Personal Work – A cure for what ails you

By Chris Crisman

Did anyone play the lottery this week? Our team certainly did and a $10 ticket turned out to be less about the chance of winning a gazillion decimal points. It became a time to share the possibilities of a future. Some of us would shut it down and coast, some of us would devise a plan to share the wealth and give back to everyone that could use it, some of us simply dreamt of just taking a break. It’s a tantalizing exercise to contemplate the opportunities you could have, the challenges that would arise, and just how you would find ways to balance it all.

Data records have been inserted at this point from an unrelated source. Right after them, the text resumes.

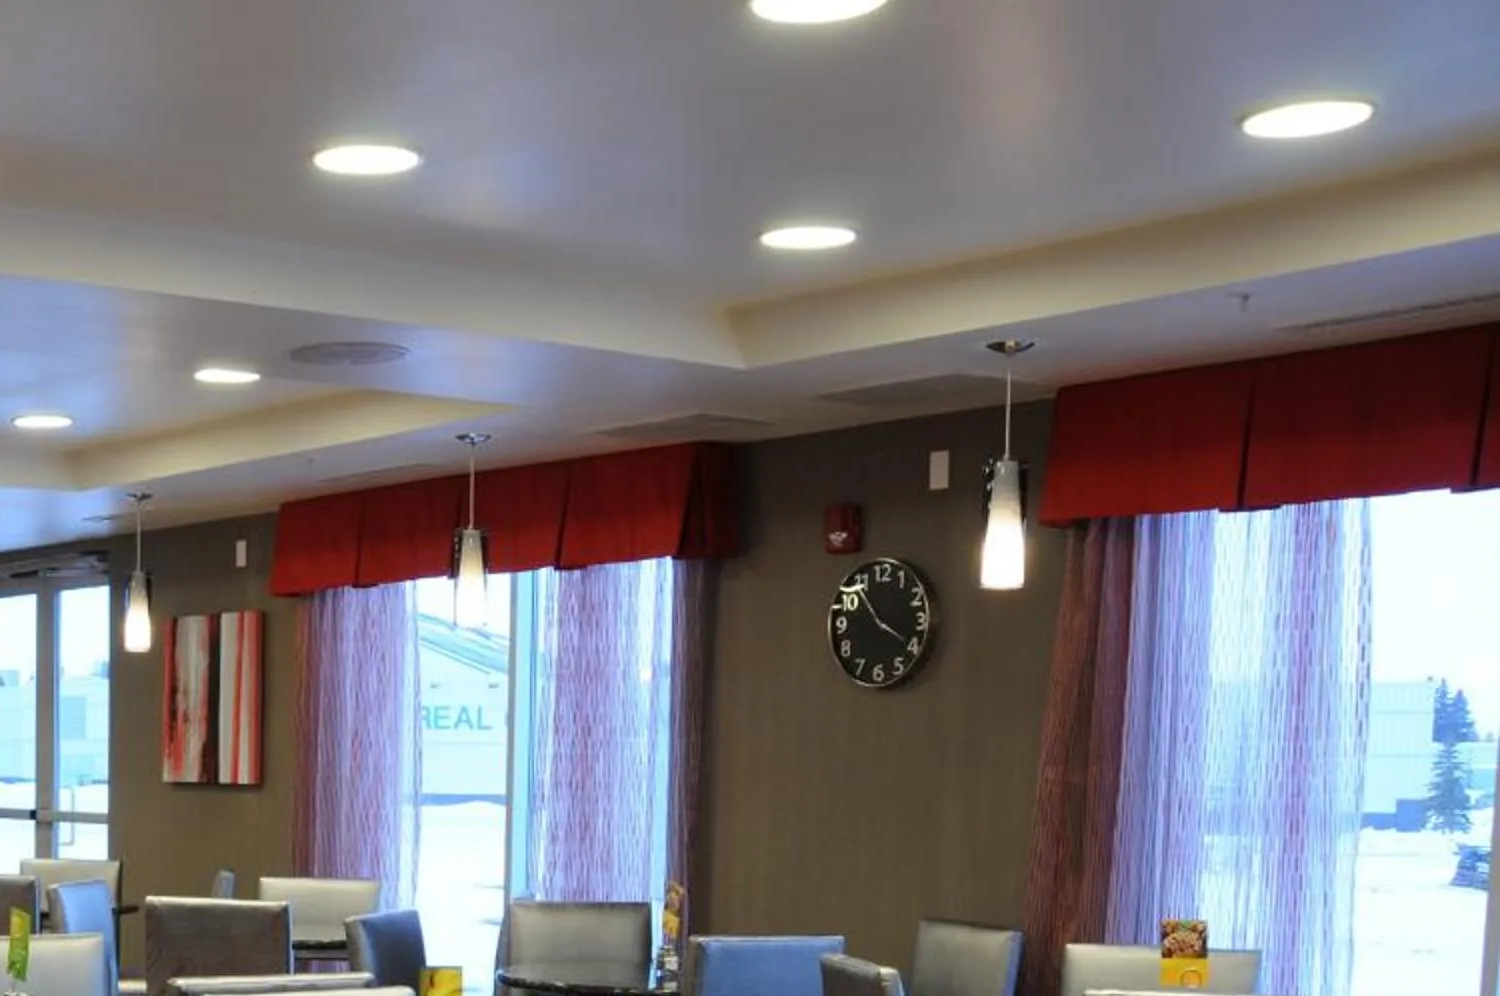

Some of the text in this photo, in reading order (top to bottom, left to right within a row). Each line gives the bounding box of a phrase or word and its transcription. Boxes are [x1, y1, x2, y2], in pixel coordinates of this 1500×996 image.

[854, 574, 869, 591] 11
[873, 564, 892, 583] 12
[897, 570, 905, 589] 1
[841, 594, 859, 611] 10
[910, 587, 924, 607] 2
[836, 616, 847, 634] 9
[915, 612, 927, 631] 3
[841, 640, 851, 657] 8
[907, 637, 919, 655] 4
[854, 658, 866, 676] 7
[873, 664, 885, 682] 6
[892, 657, 905, 675] 5

We are approached to work on so many jobs and it is hard to deny the randomness to how each year shakes out for us. We try to move forward on as many opportunities as possible and they need to have the right values to do so. When looking back on a year we seem to strike the right balance of projects. To be able to find creative fulfillment and financial stability with our work. Sometimes we are presented with a special Unicorn project that we dream of working on but no matter how much we fight for the job it still gets away. Even though you think you have dominance of the situation, there will always be a number of variables that are out of your control. Embracing this reality has really kept me from going insane.

Another aspect of our work that helps balance the inevitable presence of impending insanity – personal work. It is as easy as putting a pin on a map. Just you and your camera traveling to beautiful locations can be unpredictable magic waiting to happen. 

 Alternatively, you can dedicate your time and other resources to hone in on exactly what it is you want to express; this is my preferred method. With these projects – or singular images – you can easily give you and your team back the control, vision, taste, and your calendar that often seems out of your hands.

It all sounds simple, but I still struggle. I struggle with the where, the when, and the how. I struggle with whether I am choosing the right concept or idea to focus on. Will the small detail of a coat on the guy actually ruin an otherwise perfect image? Above all else, I struggle with the why. If I make this picture, will anyone care? Will it inspire someone who sees it? Anyone? Beyond all else, is there a chance that this work could possibly change the way people see the world? I think about all of this with every project that I undertake – especially the ones where I am able to have complete control of the end result.

I’ve already mentioned embracing randomness- this idea goes both for things you can and can’t control. Alt-country artist Sturgill Simpson who was right when he said, “Some days you kill it, some days you just choke”. The reality in this sentiment rings clear for me. I won’t always be a winner, but If I keep my head down and focus clear, I will continue to find a balance throughout my career. One last thing, don’t spend more than $10 playing the lottery, even if I’m sayin’ there’s a chance.